Eles diziam ter uma ordem de reintegração de posse, mas os “documentos” eram armas (Reprodução)

 

Se passando por policiais, no dia 11 de maio pistoleiros queimaram as casas de camponeses do lote 96, da Gleba Bacajá, que fica em Anapu (PA). A Justiça do Pará, por sua vez, negou que havia uma ordem de reintegração de posse para o local. Vale ressaltar, as ordens de reintegração de posse estão suspensas em todo o país.

No local, vivem 54 famílias, 25 crianças. Assim como as outras vítimas da ação criminosa, Roniele perdeu tudo. “Eles chegaram em casa e me mandaram ir embora. Tocaram fogo na minha casa. Disseram que era uma reintegração de posse e que ia sair um por um, mesmo se não quisesse. E se desse a cara para eles ia morrer”.

A vizinha dela, Selma, chegou a questionar se eles tinham um mandado de busca e apreensão. “E ele mostrou a arma para mim. Eu pedi o documento, se ele tinha a reintegração a posse e ele me mostrou a arma: ‘o documento tá aqui. Eu com minha filha chorando do lado, pedindo socorro, a casa pegando fogo, não tinha como a gente tirar nada de dentro”.

O MPF anunciou que está apurando as denúncias do ataque de grileiros contra os agricultores e pediu à Polícia Federal e Polícia Rodoviária Federal que operem no local com urgência, com o objetivo de resguardar a integridade física dos moradores e a apuração dos fatos.

Esse é o mesmo município onde a missionária Dorothy Stang foi assassinada em 2005. A região é marcada pela violência que resulta da disputa fundiária. Invasores seguem aterrorizando pequenos agricultores em nome da indústria da extração ilegal de madeira e grilagem.
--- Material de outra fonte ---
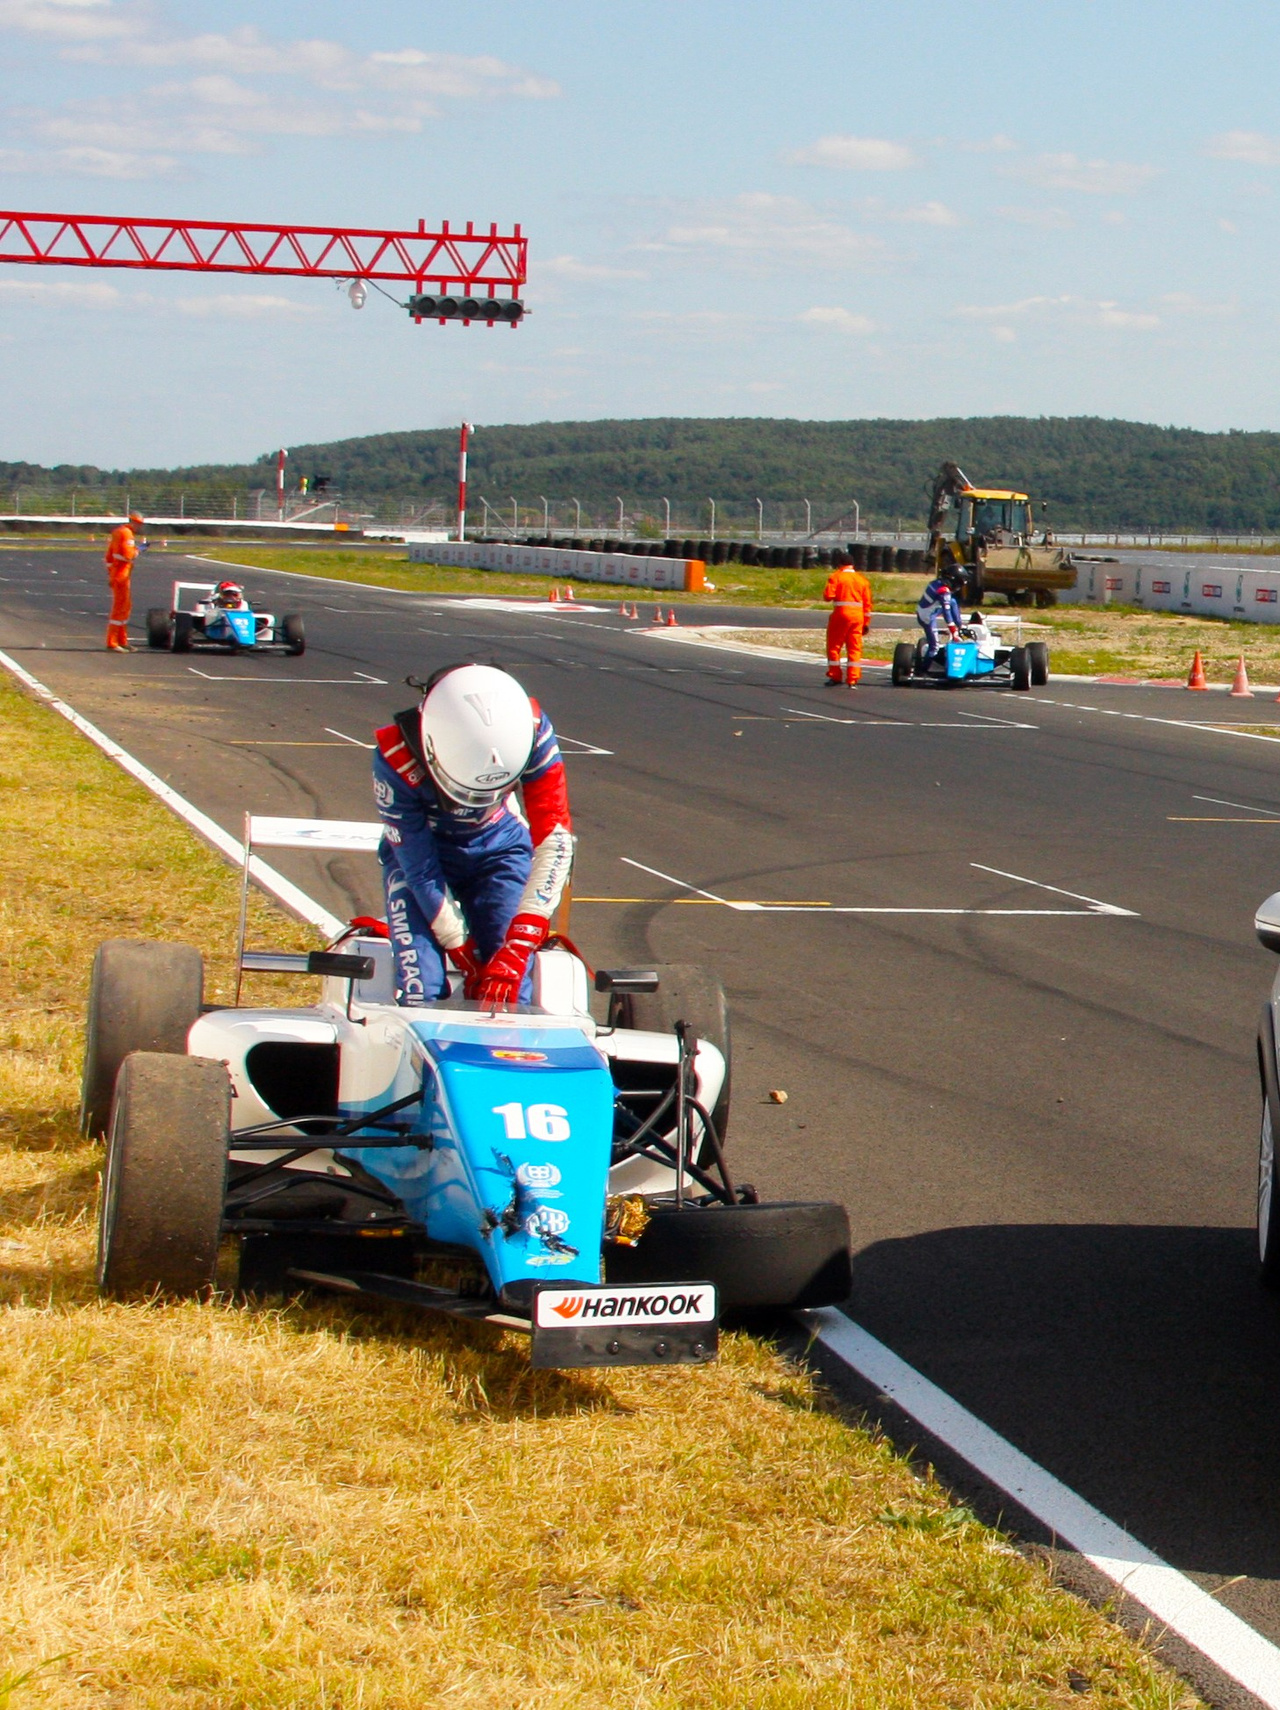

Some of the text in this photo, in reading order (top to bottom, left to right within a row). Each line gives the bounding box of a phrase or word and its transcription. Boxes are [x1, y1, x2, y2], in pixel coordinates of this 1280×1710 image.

[391, 899, 413, 946] SMP
[491, 1102, 571, 1142] 16
[581, 1293, 704, 1318] HANKOOK
Como o atual governo zerou o investimento em reforma agrária no país – dando apenas títulos de terras a agricultores que já conseguiram assentamento – essas famílias do Lote 96 estão em situação mais desfavorável, pois esperam pela regularização do assentamento.

Liderança da comunidade, Erasmo Teófilo conta que a situação está muito pior nos últimos anos, principalmente, com a chegada do governo Bolsonaro. “Gostaria de ressaltar que toda essa situação que aconteceu ontem ela não é uma situação que vem de ontem, é uma ação coordenada de um grupo. Ela já vem de todos os conflitos passados e agora tem se agravado mais. As últimas ações que culminaram com essa agora foi uma tentativa de criminalização da comunidade e minha, como liderança”, desabafa. Ele é assistido pelo programa de proteção a defensores de direitos humanos por causa de ameaças a sua vida.

Segundo o MPF, no caso específico das terras em disputa no lote 96, trata-se de uma área pública federal e o pretenso dono teve o título de propriedade cancelado pelo Instituto Nacional de Colonização e Reforma Agrária (Incra), a pedido do MPF, em ação civil pública.

A área está em processo de se tornar um assentamento de reforma agrária e já foi feita vistoria no imóvel, com posterior confecção um laudo agronômico de fiscalização.

Além de pedir a presença da polícia, o MPF informou sobre a situação para o Ministério Público do Estado do Pará (MPPA), com envio de ofícios para o promotor de Justiça de Anapu e para a promotoria agrária em Altamira.

Foram pedidas providências também à Secretaria de Estado de Segurança Pública do Pará (Segup) e à Secretaria de Justiça e Direitos Humanos (Sejudh), para reforço da segurança no local.